=== Section Start ===

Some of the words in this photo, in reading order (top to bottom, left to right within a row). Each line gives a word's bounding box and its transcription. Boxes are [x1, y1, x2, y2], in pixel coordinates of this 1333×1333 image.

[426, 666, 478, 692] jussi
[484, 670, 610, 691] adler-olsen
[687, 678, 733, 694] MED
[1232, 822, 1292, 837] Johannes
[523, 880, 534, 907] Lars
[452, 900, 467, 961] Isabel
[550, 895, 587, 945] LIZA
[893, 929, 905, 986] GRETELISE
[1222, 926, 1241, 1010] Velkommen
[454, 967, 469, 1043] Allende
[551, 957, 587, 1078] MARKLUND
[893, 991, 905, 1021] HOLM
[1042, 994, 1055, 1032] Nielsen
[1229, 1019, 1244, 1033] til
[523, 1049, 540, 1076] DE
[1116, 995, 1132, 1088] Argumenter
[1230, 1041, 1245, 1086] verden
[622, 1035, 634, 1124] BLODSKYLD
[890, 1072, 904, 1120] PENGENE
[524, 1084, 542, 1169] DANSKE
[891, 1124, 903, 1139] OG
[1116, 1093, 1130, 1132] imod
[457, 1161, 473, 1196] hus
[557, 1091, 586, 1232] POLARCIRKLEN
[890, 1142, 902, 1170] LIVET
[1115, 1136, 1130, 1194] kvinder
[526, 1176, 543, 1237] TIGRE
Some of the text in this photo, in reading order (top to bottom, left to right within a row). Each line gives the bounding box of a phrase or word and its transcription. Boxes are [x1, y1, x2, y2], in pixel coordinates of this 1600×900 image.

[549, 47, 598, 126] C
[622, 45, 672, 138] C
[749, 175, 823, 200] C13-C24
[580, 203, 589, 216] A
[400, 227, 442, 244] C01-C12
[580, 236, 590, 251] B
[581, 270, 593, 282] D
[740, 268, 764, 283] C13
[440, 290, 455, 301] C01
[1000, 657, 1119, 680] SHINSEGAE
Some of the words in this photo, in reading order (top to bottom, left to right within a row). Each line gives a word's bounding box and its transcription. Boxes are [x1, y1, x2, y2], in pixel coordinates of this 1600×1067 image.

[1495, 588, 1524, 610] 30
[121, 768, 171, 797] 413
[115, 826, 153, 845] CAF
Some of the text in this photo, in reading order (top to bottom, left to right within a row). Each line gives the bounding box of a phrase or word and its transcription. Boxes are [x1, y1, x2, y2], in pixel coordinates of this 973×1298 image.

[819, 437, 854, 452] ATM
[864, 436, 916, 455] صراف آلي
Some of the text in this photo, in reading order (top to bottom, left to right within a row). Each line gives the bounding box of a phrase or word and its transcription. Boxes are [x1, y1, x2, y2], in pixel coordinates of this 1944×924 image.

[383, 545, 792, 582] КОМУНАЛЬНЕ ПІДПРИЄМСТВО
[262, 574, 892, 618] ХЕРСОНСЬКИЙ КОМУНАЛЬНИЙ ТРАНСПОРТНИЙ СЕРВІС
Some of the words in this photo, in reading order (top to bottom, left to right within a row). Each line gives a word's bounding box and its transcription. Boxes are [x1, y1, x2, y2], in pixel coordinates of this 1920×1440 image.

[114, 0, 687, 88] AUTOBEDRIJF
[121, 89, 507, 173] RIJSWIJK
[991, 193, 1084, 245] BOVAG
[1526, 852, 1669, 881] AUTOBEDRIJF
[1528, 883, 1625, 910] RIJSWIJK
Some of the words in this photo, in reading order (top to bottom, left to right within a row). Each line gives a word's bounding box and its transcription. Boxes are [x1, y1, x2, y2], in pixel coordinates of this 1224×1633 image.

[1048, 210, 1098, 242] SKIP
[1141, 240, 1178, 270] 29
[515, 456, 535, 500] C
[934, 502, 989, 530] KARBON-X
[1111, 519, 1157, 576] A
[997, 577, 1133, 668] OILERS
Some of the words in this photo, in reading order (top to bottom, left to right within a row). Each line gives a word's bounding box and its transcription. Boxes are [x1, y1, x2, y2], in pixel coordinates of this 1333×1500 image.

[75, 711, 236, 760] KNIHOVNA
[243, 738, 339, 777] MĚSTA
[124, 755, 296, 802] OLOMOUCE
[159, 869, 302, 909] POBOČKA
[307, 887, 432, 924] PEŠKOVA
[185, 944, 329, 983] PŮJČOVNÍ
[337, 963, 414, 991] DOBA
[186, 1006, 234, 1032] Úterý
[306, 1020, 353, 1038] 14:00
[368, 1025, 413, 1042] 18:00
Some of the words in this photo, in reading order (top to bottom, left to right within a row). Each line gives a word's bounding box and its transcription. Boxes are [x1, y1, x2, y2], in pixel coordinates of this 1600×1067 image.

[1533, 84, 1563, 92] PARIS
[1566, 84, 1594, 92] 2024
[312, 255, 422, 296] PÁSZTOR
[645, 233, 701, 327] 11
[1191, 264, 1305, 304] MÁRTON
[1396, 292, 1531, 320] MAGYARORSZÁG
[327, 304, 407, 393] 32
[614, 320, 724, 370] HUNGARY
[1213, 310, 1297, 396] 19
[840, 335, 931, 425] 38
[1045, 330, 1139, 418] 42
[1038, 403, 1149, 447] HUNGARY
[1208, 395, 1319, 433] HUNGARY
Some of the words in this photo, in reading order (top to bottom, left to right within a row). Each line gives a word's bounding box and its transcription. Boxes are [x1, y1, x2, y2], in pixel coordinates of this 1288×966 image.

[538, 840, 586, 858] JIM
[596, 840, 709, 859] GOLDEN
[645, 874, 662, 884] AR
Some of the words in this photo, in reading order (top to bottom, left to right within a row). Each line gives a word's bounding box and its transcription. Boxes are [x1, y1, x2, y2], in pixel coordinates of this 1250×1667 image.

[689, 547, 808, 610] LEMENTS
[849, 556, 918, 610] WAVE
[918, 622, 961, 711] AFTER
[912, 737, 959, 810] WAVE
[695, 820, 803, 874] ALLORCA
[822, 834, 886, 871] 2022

=== Section End ===

Work required> Give the records again, complete and exact.

Your solution>
Some of the words in this photo, in reading order (top to bottom, left to right within a row). Each line gives a word's bounding box and its transcription. Boxes are [x1, y1, x2, y2], in pixel coordinates of this 1333×1333 image.

[426, 666, 478, 692] jussi
[484, 670, 610, 691] adler-olsen
[687, 678, 733, 694] MED
[1232, 822, 1292, 837] Johannes
[523, 880, 534, 907] Lars
[452, 900, 467, 961] Isabel
[550, 895, 587, 945] LIZA
[893, 929, 905, 986] GRETELISE
[1222, 926, 1241, 1010] Velkommen
[454, 967, 469, 1043] Allende
[551, 957, 587, 1078] MARKLUND
[893, 991, 905, 1021] HOLM
[1042, 994, 1055, 1032] Nielsen
[1229, 1019, 1244, 1033] til
[523, 1049, 540, 1076] DE
[1116, 995, 1132, 1088] Argumenter
[1230, 1041, 1245, 1086] verden
[622, 1035, 634, 1124] BLODSKYLD
[890, 1072, 904, 1120] PENGENE
[524, 1084, 542, 1169] DANSKE
[891, 1124, 903, 1139] OG
[1116, 1093, 1130, 1132] imod
[457, 1161, 473, 1196] hus
[557, 1091, 586, 1232] POLARCIRKLEN
[890, 1142, 902, 1170] LIVET
[1115, 1136, 1130, 1194] kvinder
[526, 1176, 543, 1237] TIGRE
Some of the text in this photo, in reading order (top to bottom, left to right within a row). Each line gives the bounding box of a phrase or word and its transcription. Boxes are [x1, y1, x2, y2], in pixel coordinates of this 1600×900 image.

[549, 47, 598, 126] C
[622, 45, 672, 138] C
[749, 175, 823, 200] C13-C24
[580, 203, 589, 216] A
[400, 227, 442, 244] C01-C12
[580, 236, 590, 251] B
[581, 270, 593, 282] D
[740, 268, 764, 283] C13
[440, 290, 455, 301] C01
[1000, 657, 1119, 680] SHINSEGAE
Some of the words in this photo, in reading order (top to bottom, left to right within a row). Each line gives a word's bounding box and its transcription. Boxes are [x1, y1, x2, y2], in pixel coordinates of this 1600×1067 image.

[1495, 588, 1524, 610] 30
[121, 768, 171, 797] 413
[115, 826, 153, 845] CAF
Some of the text in this photo, in reading order (top to bottom, left to right within a row). Each line gives the bounding box of a phrase or word and its transcription. Boxes are [x1, y1, x2, y2], in pixel coordinates of this 973×1298 image.

[819, 437, 854, 452] ATM
[864, 436, 916, 455] صراف آلي
Some of the text in this photo, in reading order (top to bottom, left to right within a row). Each line gives the bounding box of a phrase or word and its transcription. Boxes are [x1, y1, x2, y2], in pixel coordinates of this 1944×924 image.

[383, 545, 792, 582] КОМУНАЛЬНЕ ПІДПРИЄМСТВО
[262, 574, 892, 618] ХЕРСОНСЬКИЙ КОМУНАЛЬНИЙ ТРАНСПОРТНИЙ СЕРВІС
Some of the words in this photo, in reading order (top to bottom, left to right within a row). Each line gives a word's bounding box and its transcription. Boxes are [x1, y1, x2, y2], in pixel coordinates of this 1920×1440 image.

[114, 0, 687, 88] AUTOBEDRIJF
[121, 89, 507, 173] RIJSWIJK
[991, 193, 1084, 245] BOVAG
[1526, 852, 1669, 881] AUTOBEDRIJF
[1528, 883, 1625, 910] RIJSWIJK
Some of the words in this photo, in reading order (top to bottom, left to right within a row). Each line gives a word's bounding box and its transcription. Boxes are [x1, y1, x2, y2], in pixel coordinates of this 1224×1633 image.

[1048, 210, 1098, 242] SKIP
[1141, 240, 1178, 270] 29
[515, 456, 535, 500] C
[934, 502, 989, 530] KARBON-X
[1111, 519, 1157, 576] A
[997, 577, 1133, 668] OILERS
Some of the words in this photo, in reading order (top to bottom, left to right within a row). Each line gives a word's bounding box and its transcription. Boxes are [x1, y1, x2, y2], in pixel coordinates of this 1333×1500 image.

[75, 711, 236, 760] KNIHOVNA
[243, 738, 339, 777] MĚSTA
[124, 755, 296, 802] OLOMOUCE
[159, 869, 302, 909] POBOČKA
[307, 887, 432, 924] PEŠKOVA
[185, 944, 329, 983] PŮJČOVNÍ
[337, 963, 414, 991] DOBA
[186, 1006, 234, 1032] Úterý
[306, 1020, 353, 1038] 14:00
[368, 1025, 413, 1042] 18:00
Some of the words in this photo, in reading order (top to bottom, left to right within a row). Each line gives a word's bounding box and its transcription. Boxes are [x1, y1, x2, y2], in pixel coordinates of this 1600×1067 image.

[1533, 84, 1563, 92] PARIS
[1566, 84, 1594, 92] 2024
[312, 255, 422, 296] PÁSZTOR
[645, 233, 701, 327] 11
[1191, 264, 1305, 304] MÁRTON
[1396, 292, 1531, 320] MAGYARORSZÁG
[327, 304, 407, 393] 32
[614, 320, 724, 370] HUNGARY
[1213, 310, 1297, 396] 19
[840, 335, 931, 425] 38
[1045, 330, 1139, 418] 42
[1038, 403, 1149, 447] HUNGARY
[1208, 395, 1319, 433] HUNGARY
Some of the words in this photo, in reading order (top to bottom, left to right within a row). Each line gives a word's bounding box and its transcription. Boxes are [x1, y1, x2, y2], in pixel coordinates of this 1288×966 image.

[538, 840, 586, 858] JIM
[596, 840, 709, 859] GOLDEN
[645, 874, 662, 884] AR
Some of the words in this photo, in reading order (top to bottom, left to right within a row). Each line gives a word's bounding box and its transcription. Boxes are [x1, y1, x2, y2], in pixel coordinates of this 1250×1667 image.

[689, 547, 808, 610] LEMENTS
[849, 556, 918, 610] WAVE
[918, 622, 961, 711] AFTER
[912, 737, 959, 810] WAVE
[695, 820, 803, 874] ALLORCA
[822, 834, 886, 871] 2022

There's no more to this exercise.